Da qualche tempo  l'organo prezioso che palpitando instancabile  giorno e notte mi ha permesso di godere di una vita intensa e colorata, fa un po' i fatti suoi: a volte scavalla imbizzarrito, e poi prosegue zitto per non farsi notare. Embé? Che succede, mi dico.
Cosí, un giorno di due anni fa,  decido di fare un controllo nell'ambulatorio piú vicino, nel centro storico di Barcelona. Dopo l'elettrocardiogranma, ecco che la dottoressa salta su agitata.
“Lei ha al massimo un quarto d'ora di vita!!!” mi grida. “Angina pectoris acuta!!!!!”
Un quarto d'ora di vita? Guardo l'orologio. Accidenti, non posso salutare nessuno...  Mi vengono due lacrimoni agli occhi. Poi ho  uno scatto di luciditá. Ehi, mi dico, se devo morire in un quarto d'ora dovrei  sentire un dolore forte da qualche parte, no? Invece niente di niente.

“Sto chiamando l'ambulanza con urgenza! Deve andare all'ospedale!”  Grida intanto  la dottoressa. “Non si scomodi, rispondo, posso andare in metro”.  “Non ci provi nemmeno!” Insiste  lei. Ed ecco che arriva strombazzando l'ambulanza. E vabbé. Mi metto a sedere accanto all'autista. “No! Si metta sulla lettiga!” Mi legano mani e piedi. Accidenti, questi sembrano davvero impauriti, osservo. Visto che non c'é altro da fare, comincio a chiaccherare con l'infermiere peruviano, come si trova qui eccetera, é meglio la paella o il cebiche?  Arrivo all'Hospital  del Mar, in compagnia di un'amica colombiana, decisa a farmi da angelo custode in questo frangente. L'ospedale é affollato da vari ragazzi giovani in camice bianco. Carini, ma non é che mi diano tanto affidamento.

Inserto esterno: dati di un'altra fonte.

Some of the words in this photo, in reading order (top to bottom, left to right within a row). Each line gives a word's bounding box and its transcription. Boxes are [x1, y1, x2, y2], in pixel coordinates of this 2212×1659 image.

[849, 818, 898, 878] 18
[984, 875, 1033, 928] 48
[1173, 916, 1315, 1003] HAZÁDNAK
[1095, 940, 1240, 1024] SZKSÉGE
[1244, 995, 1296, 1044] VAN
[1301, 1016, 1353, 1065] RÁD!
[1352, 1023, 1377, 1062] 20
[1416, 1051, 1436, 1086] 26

“C'é mica qualcuno di un po' attempato (e magari esperto) fra di voi?”, chiedo. “Sí sí,   abbiamo un supervisore”. Meno male, l'idea di fare da coniglietta d'India non mi sorride. Comunque, dopo almeno  un'ora di attesa (in cui avrei dovuto morire tre volte, secondo la dottoressa spaventata) mi mettono sul torace tutti i cerchietti che trasmettono a un foglio gli impulsi tac-tac del mio cuoricino, e mi rilasso.
Dopo qualche ora arriva un medichino giovane con un sorriso: Il cuore va bene,  mi dice,  niente angina, peró vede, nella radiografia c é qualcosa che non va...Per caso, qualcuno é morto di cancro al polmone nella sua famiglia?” “Mio fratello, putroppo, che fumava come un turco. Ma chissá se poi era per quello”. “Ecco, qui c'é un nodulo, vede? Meglio che faccia una Tac per verificare”, mi avvisa.

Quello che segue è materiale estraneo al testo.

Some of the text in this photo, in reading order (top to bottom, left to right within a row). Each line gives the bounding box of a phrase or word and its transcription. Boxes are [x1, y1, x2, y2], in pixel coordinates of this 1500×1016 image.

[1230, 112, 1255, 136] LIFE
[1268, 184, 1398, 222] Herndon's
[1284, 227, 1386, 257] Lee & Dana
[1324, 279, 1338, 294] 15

Insomma, secondo le cronache entro in fin di vita all'ospedale, sopravvivo, ma ne esco con un cancro al polmone. Questo pomeriggio non é stato un granché, mi pare. 
Prenoto il solito volo Ryanair per l'Italia, stavolta solo andata, dato che mi immagino che dopo la Tac  dovró entrare in ospedale a farmi tagliuzzare qua e lá.
Manca una settimana alla Tac e al volo Ryanair per l'Italia. Cerco di stare piú tranquilla possibile, vivendo il momento presente. In questi casi annaffiare i gerani e togliergli le foglioline secche mi dá molta pace. E guardare il mare, le nuvole, i gabbiani, assaporando ogni momento. Una sera mi scrive in internet un giovane amico dall'Amazzonia, ci sentiamo ogni tanto, da mondi cosi diversi ed entrambi amati: la selva e la cittá. “Gisella, ho fatto un sogno in cui c' eri anche tu”, mi fa sapere. “Nuotavi in un fiume limaccioso, ma riuscivi a salvarti. Ho digiunato e preso ayahuasca per capire cosa volesse dire. Mi par di capire che hai un problema ma lo supererai. Hai un problema?”
“Sí, ma non ho voglia di parlarne. Se mai dopo, se sará il caso. Comunque grazie  per il messaggio”. Queste strane connessioni tra esseri umani lontani oceani e selve. Jung le definisce sincronie....
Curioso. Vado in Italia, ed eccomi nel tunnel della macchina che fa la Tac, (tomografia assiale computerizzata) che ti percorre il corpo con calore, scandagliando le cellule in cerca di anomalie. Intanto io ripasso la mia vita, cosí ricca di gioie e dolori, come  tutte le vite. Intensa e bellissima, ripensandoci. Grazie a Chi e chi me l'ha data. E adesso, sará quel che dev'essere. Scruto i volti  dei medici che vedono passare sullo schermo la processione  delle  mie cellule, con sguardi  inespressivi. Nessuno indica niente. Poi viene uno a sedersi sul lettino,  e mi dice: “Ma lei non ha ASSOLUTAMENTE niente! Cosa le hanno raccontato a Barcelona?” “Davvero?????!!!!”, sgrano gli occhi. “Posso darle due bacioni?” Gli dico. Si prende i due bacioni, io prendo le mie cose, e vado con Luciano a festeggiare la vita con un piatto stracolmo di calamari che farebbe felice una ciurma di pescatori vichinghi. E per strada, incontriamo un amico che non vedo da anni, e mi dice: “Giusto te, ti stavo cercando! Vorremmo che scrivessi un libro che ripercorre la storia degli sforzi della cooperazione negli ultimi trent'anni fra Bolivia e Perú, e l'esperienza del nostro amico Riccardo Giavarini che sta realizzando progetti bellissimi a La Paz, aiutando a risollevarsi a  ragazzi infrattori e ragazzine prostituite.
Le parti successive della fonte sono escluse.